Problem to solve -> Without the images, write out the whole listing exactly.

Extracted information ->
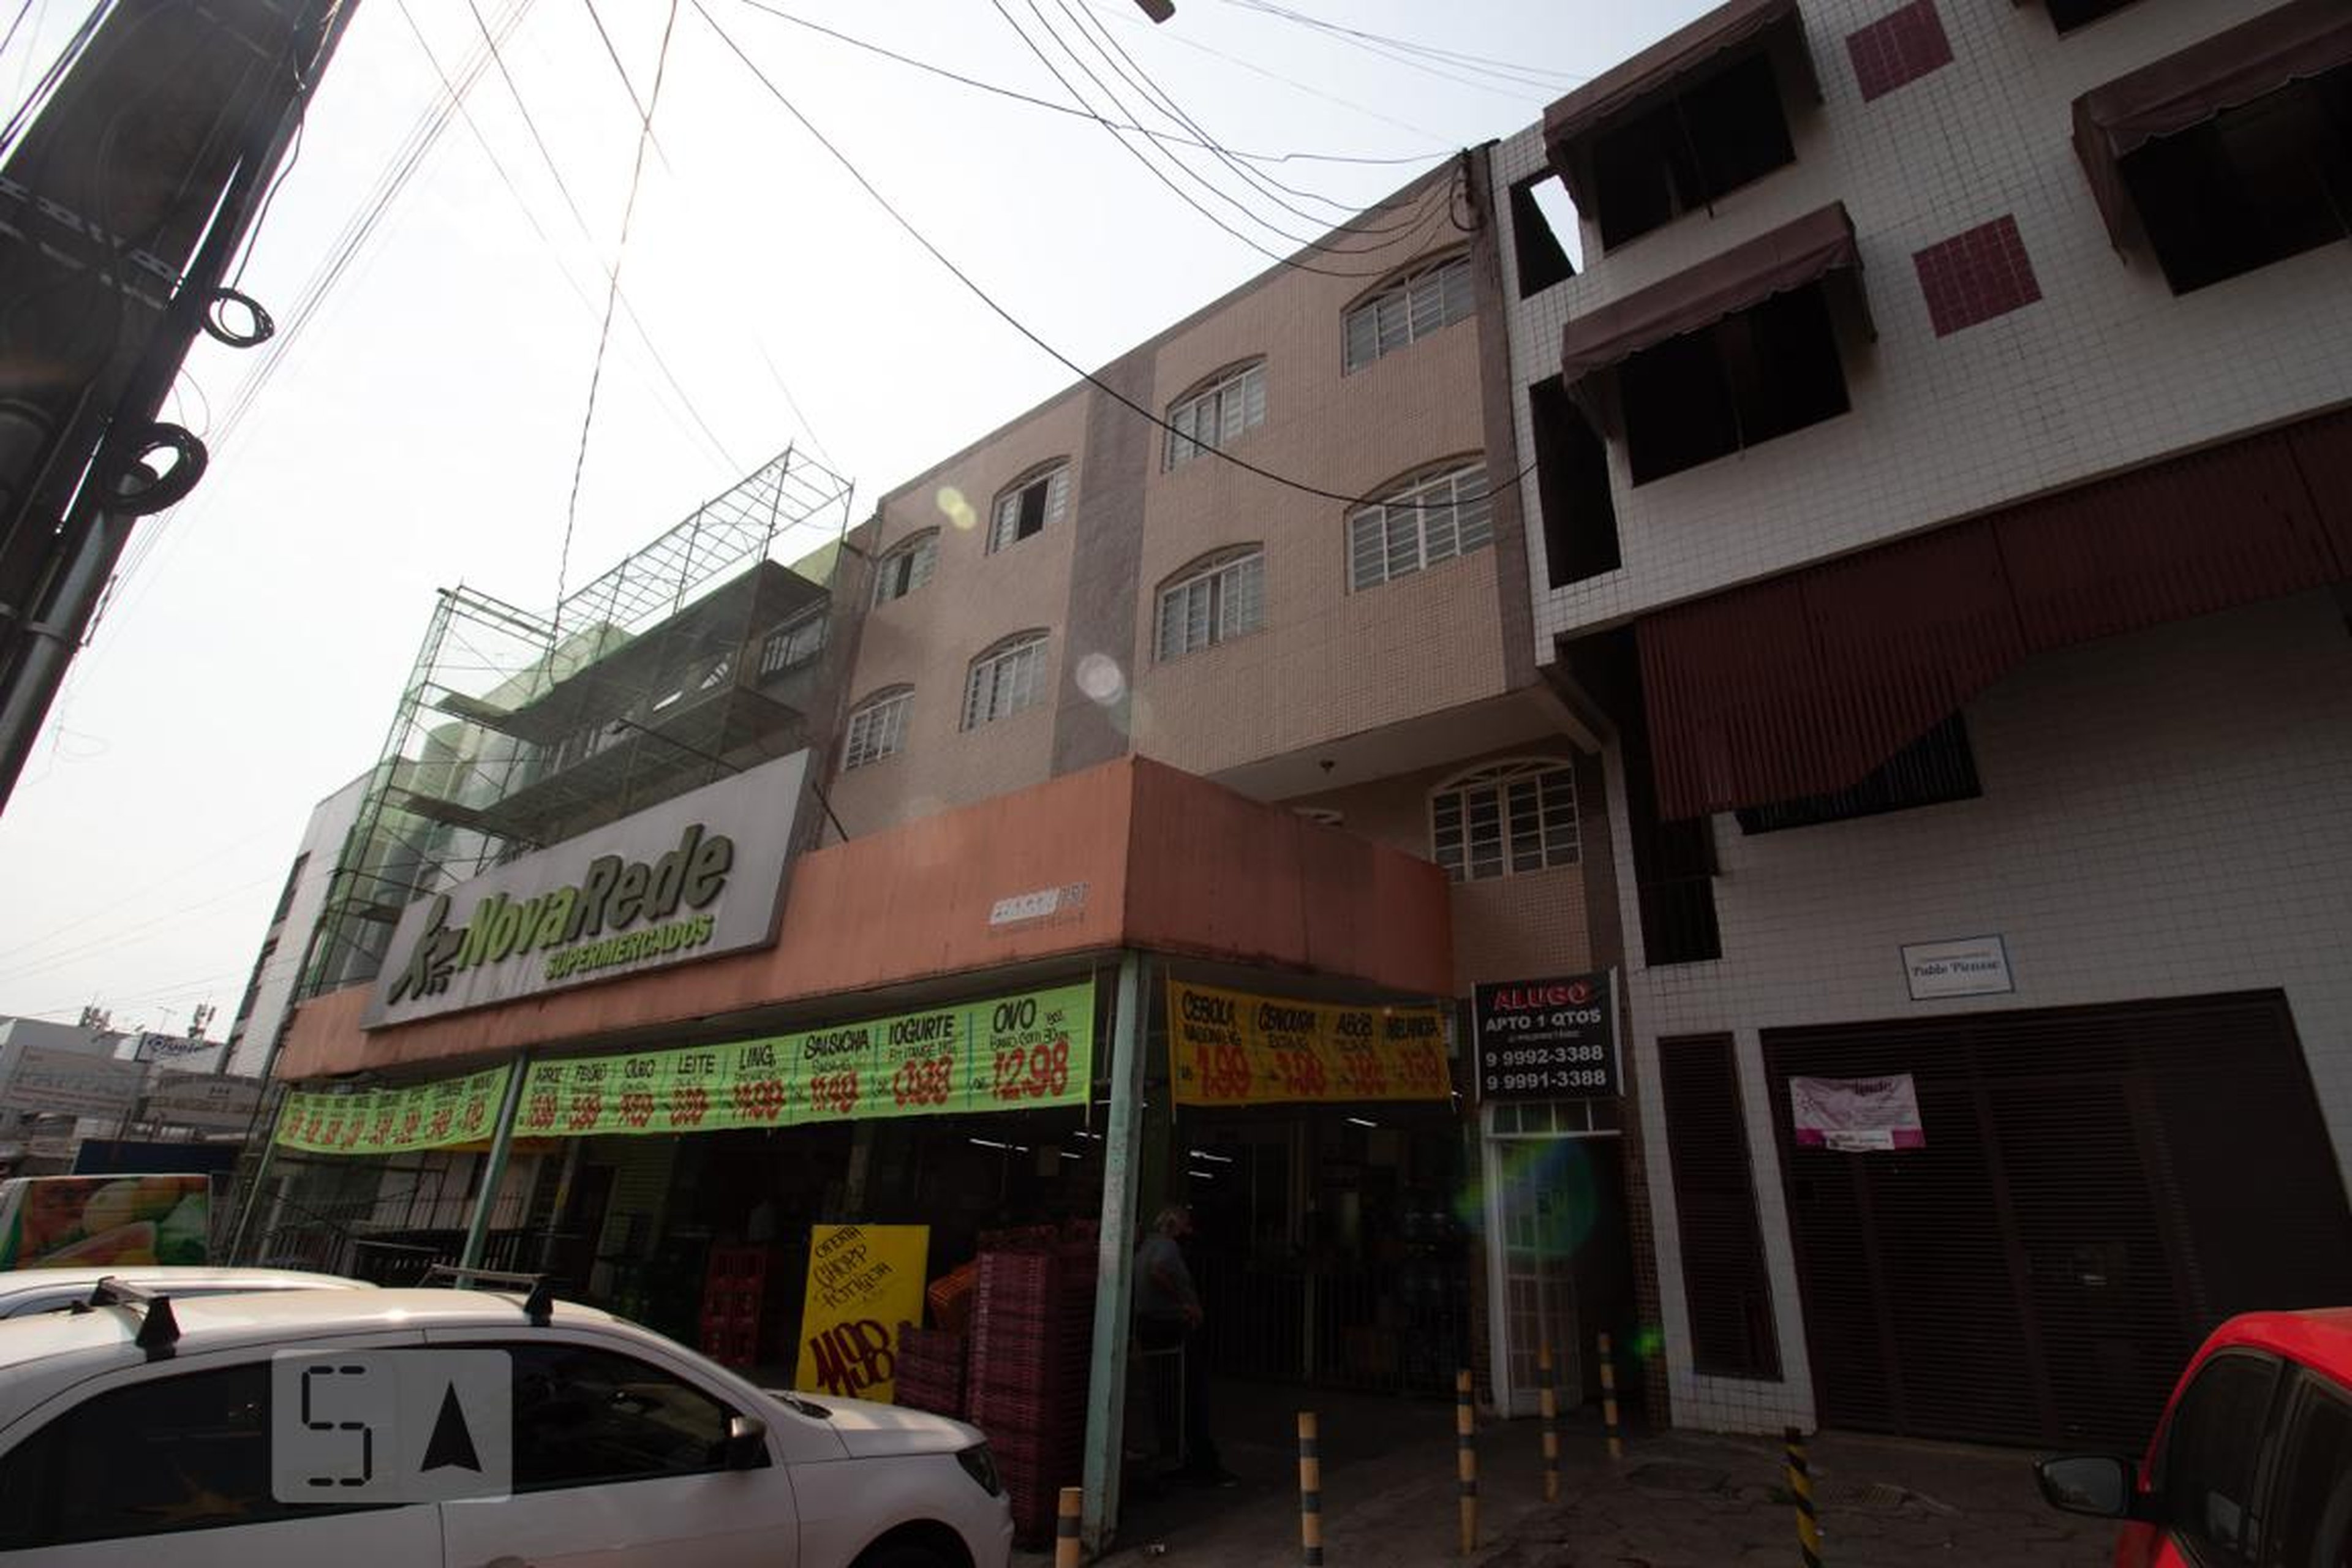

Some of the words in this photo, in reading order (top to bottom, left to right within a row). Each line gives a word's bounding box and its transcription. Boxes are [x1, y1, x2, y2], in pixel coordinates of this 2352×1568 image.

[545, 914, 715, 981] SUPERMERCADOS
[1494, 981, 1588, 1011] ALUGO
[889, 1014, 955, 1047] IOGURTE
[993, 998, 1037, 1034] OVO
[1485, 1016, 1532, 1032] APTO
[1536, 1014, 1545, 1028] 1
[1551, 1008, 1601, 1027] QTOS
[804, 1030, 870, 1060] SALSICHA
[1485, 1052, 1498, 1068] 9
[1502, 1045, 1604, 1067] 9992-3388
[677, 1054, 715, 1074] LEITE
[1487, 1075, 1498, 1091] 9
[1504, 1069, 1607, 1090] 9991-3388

Solution for this exercise ->
Some of the words in this photo, in reading order (top to bottom, left to right within a row). Each line gives a word's bounding box and its transcription. Boxes are [x1, y1, x2, y2], in pixel coordinates of this 2352×1568 image.

[545, 914, 715, 981] SUPERMERCADOS
[1494, 981, 1588, 1011] ALUGO
[889, 1014, 955, 1047] IOGURTE
[993, 998, 1037, 1034] OVO
[1485, 1016, 1532, 1032] APTO
[1536, 1014, 1545, 1028] 1
[1551, 1008, 1601, 1027] QTOS
[804, 1030, 870, 1060] SALSICHA
[1485, 1052, 1498, 1068] 9
[1502, 1045, 1604, 1067] 9992-3388
[677, 1054, 715, 1074] LEITE
[1487, 1075, 1498, 1091] 9
[1504, 1069, 1607, 1090] 9991-3388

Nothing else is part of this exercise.